Figure 1 (Top). U.S. Hydropower share of electricity generation by electricity market region (source EIA). (Bottom) Spatial patterns of net water availability (1,000 Mgal/year) in the 2030s (2028 to 2032) for two plausible future conditions: (a) ensemble minimum and (b) ensemble median.
According to the U.S. Energy Information Administration’s Annual Energy Outlook 2023, total U.S. energy consumption, including electricity use and transmission losses, is projected to increase by up to 15% between 2022 and 2050. Much of this growth will be driven by industrial demand, transportation electrification, and the rapid expansion of data centers supporting AI and digital infrastructure. At the same time, shifts in hydrology, multi-sector water usage, and stricter environmental regulations are straining resources. Meeting future demand will require every major type of generation such as hydro, coal, gas, oil, and nuclear, to operate reliably, which in turn means water availability and temperature must be managed more carefully than ever before.
The Challenges Plant Operators Face
Power plants that depend on water are caught between growing demand and environmental limits. Plant operators must contend with hydrological uncertainty, competing usage from other sectors, and thermal limits that can force units offline during peak demand. Although federal agencies produce long-term environmental forecasts, these outputs are often too coarse to apply at the plant level. Meanwhile, existing hydrological tools such as HEC-RAS or SWMM are site-specific, difficult to scale, and require significant customization.

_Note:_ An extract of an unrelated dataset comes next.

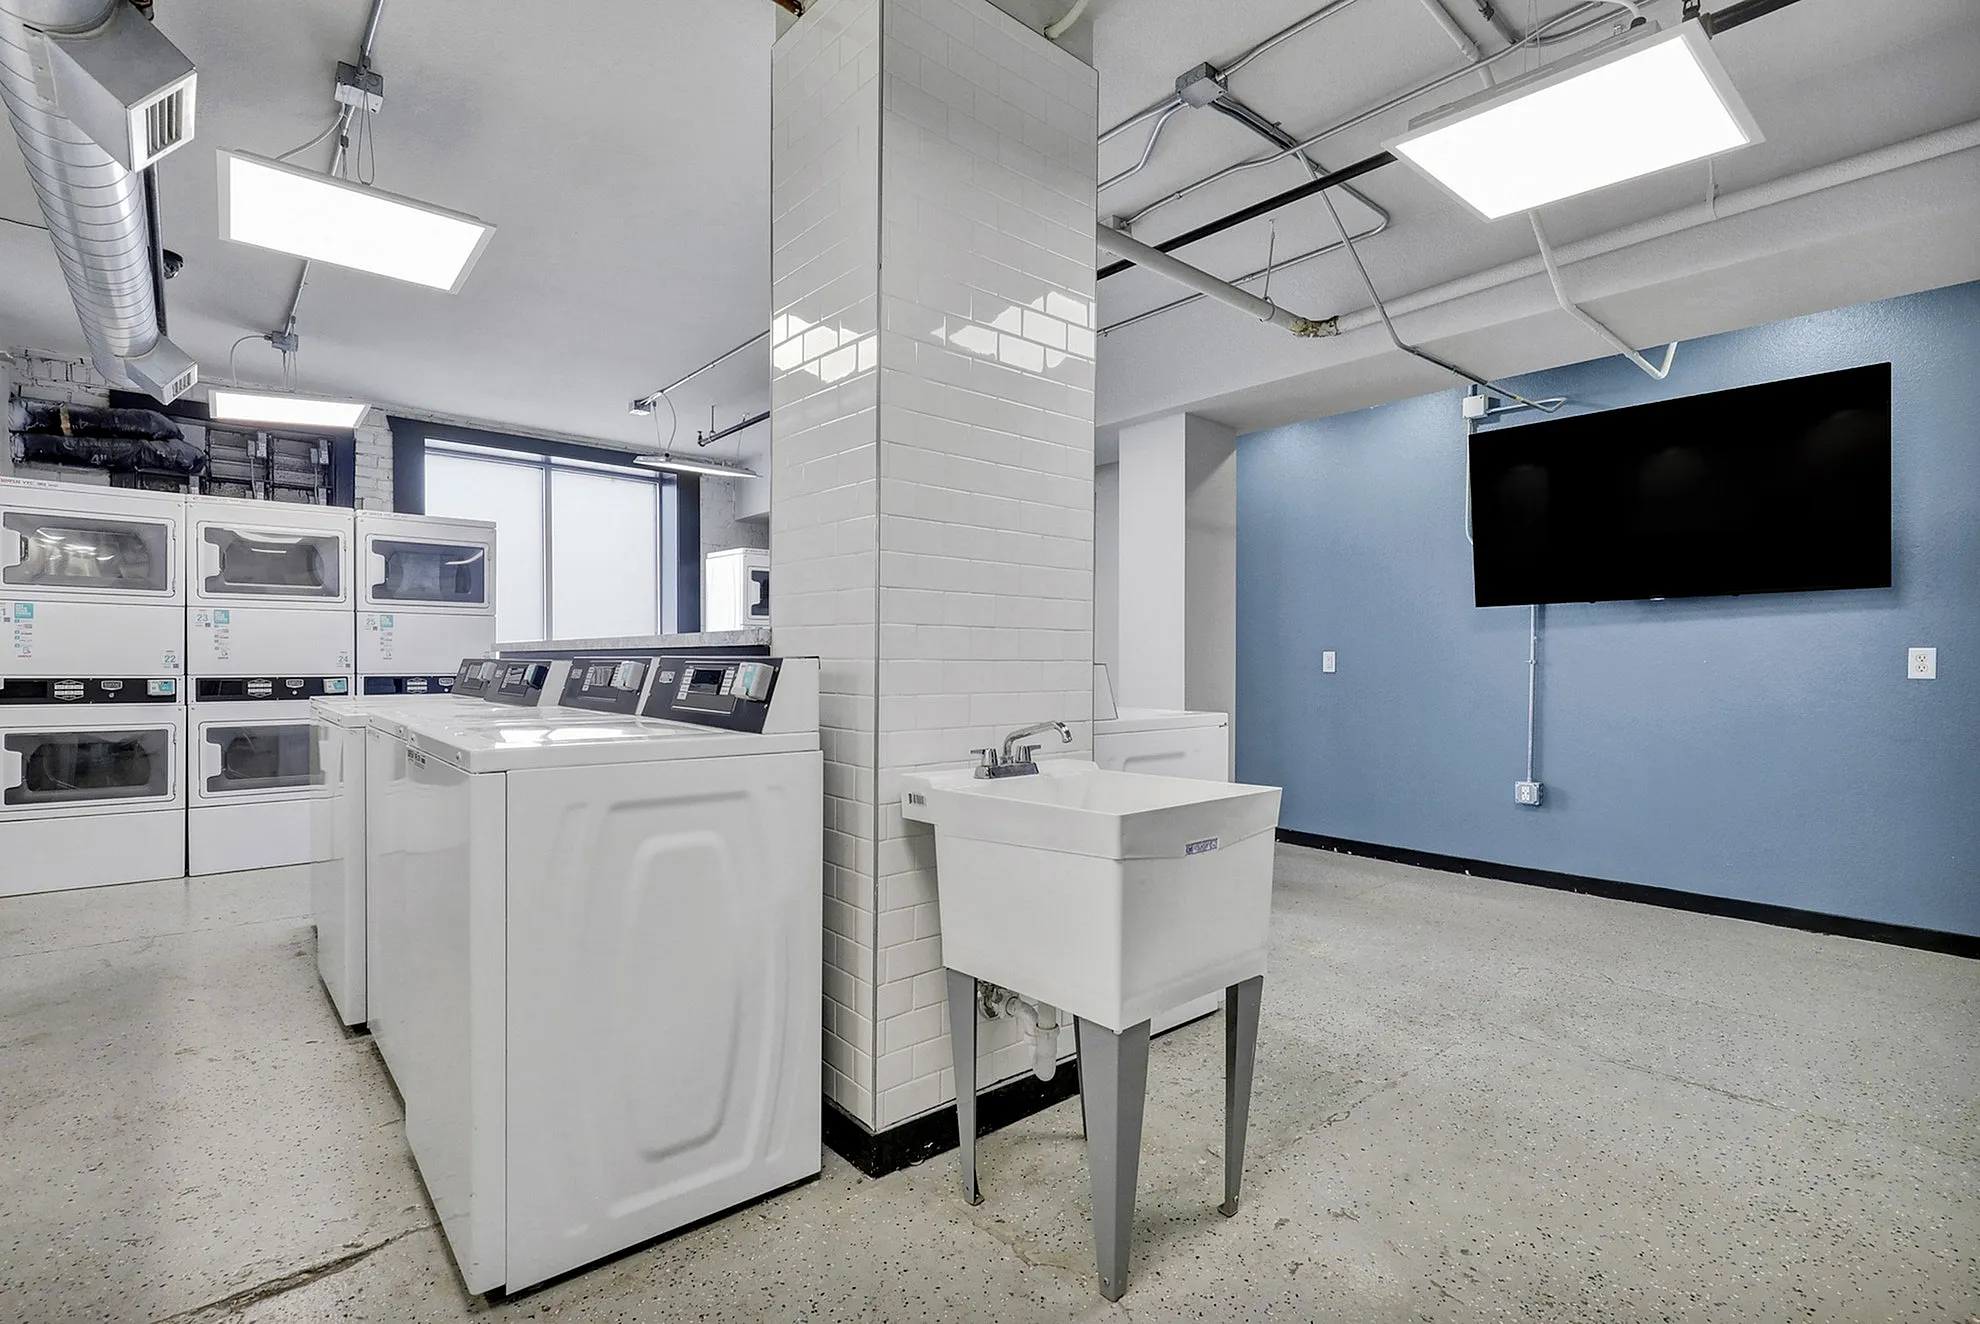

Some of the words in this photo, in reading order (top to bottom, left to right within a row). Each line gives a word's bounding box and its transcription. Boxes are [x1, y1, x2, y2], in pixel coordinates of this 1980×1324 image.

[90, 454, 107, 465] 4"
[196, 613, 208, 621] 23
[164, 655, 176, 663] 22

The result is a gap where operators lack an accessible system that bridges cutting-edge science with mid to long term decision-making.
The DIVERS-GEN Approach
To address this gap, Kitware and Northeastern University are jointly developing DIVERS-GEN (Data Integration and Visualization for Enhanced Resource Stewardship in Power GENeration). While initially targeted for hydropower, the methods and architecture extend naturally to all water-dependent facilities, including fossil fuel and nuclear plants.
DIVERS-GEN integrates three technical pillars:
- AI-driven downscaling. Machine learning models such as CNN-YNet and LSTM-based hydrology networks translate coarse Earth system outputs into high-resolution predictions of precipitation, evapotranspiration, discharge, and stream temperature.

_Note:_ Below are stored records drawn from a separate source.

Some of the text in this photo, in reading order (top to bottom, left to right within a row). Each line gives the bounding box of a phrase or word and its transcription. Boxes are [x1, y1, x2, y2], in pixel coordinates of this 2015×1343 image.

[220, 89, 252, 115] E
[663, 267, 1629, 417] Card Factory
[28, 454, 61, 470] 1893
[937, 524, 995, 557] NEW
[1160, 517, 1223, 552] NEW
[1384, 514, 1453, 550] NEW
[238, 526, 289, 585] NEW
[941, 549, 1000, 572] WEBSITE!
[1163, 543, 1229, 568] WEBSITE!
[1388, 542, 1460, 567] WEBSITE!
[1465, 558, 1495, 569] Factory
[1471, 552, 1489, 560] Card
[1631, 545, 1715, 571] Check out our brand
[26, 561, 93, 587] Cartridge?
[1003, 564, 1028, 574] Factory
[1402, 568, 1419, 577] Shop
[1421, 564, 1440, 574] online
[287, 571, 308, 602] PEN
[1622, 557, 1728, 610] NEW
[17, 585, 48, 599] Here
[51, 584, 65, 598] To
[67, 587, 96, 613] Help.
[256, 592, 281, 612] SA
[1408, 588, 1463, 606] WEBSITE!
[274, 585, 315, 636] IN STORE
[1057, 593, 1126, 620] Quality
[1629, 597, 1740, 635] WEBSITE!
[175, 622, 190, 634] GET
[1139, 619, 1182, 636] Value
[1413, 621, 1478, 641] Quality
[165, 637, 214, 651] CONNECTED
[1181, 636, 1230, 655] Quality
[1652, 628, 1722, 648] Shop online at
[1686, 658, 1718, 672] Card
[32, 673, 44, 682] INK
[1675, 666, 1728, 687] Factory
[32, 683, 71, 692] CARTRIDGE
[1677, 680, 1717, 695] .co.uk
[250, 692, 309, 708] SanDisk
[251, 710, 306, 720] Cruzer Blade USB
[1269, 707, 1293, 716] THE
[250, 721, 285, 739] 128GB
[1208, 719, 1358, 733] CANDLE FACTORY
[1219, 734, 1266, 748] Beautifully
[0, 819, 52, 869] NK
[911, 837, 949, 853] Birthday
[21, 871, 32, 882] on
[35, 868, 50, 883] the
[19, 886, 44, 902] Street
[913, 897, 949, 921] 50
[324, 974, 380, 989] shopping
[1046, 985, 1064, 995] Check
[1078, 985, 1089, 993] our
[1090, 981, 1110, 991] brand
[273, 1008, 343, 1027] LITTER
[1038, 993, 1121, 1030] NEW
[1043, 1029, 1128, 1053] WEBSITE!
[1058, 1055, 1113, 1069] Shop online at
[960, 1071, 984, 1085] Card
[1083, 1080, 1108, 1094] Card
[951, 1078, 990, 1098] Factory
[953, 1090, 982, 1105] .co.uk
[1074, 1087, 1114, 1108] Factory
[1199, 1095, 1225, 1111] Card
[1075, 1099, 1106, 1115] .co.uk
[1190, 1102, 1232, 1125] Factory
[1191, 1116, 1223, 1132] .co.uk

- Unified data management. Built on Kitware’s open-source GeoInsight platform, the system ingests diverse formats such as GeoTIFF, NetCDF, GeoJSON, tabular, and transforms them into analysis-ready datasets accessible through web and Python APIs.
- Interactive decision support. A web-based system enables operators to ingest, browse, and visualize data; run predictive models in the cloud; and explore “what-if” scenarios with heatmaps, contour plots, and linked time-series graphs.
Demonstrating Feasibility
In this initial phase, we set out to demonstrate that the enabling technologies behind DIVERS-GEN could work together to form the foundation of a practical decision support system. Our focus was on the Tennessee Valley Authority (TVA) region, which provided a rich testbed of hydropower plants, reservoirs, and associated data sources. The TVA also exemplifies the challenges that many utilities face nationwide: diverse plant types, changing meteorological and hydrological inputs, and the need to balance energy production with environmental constraints.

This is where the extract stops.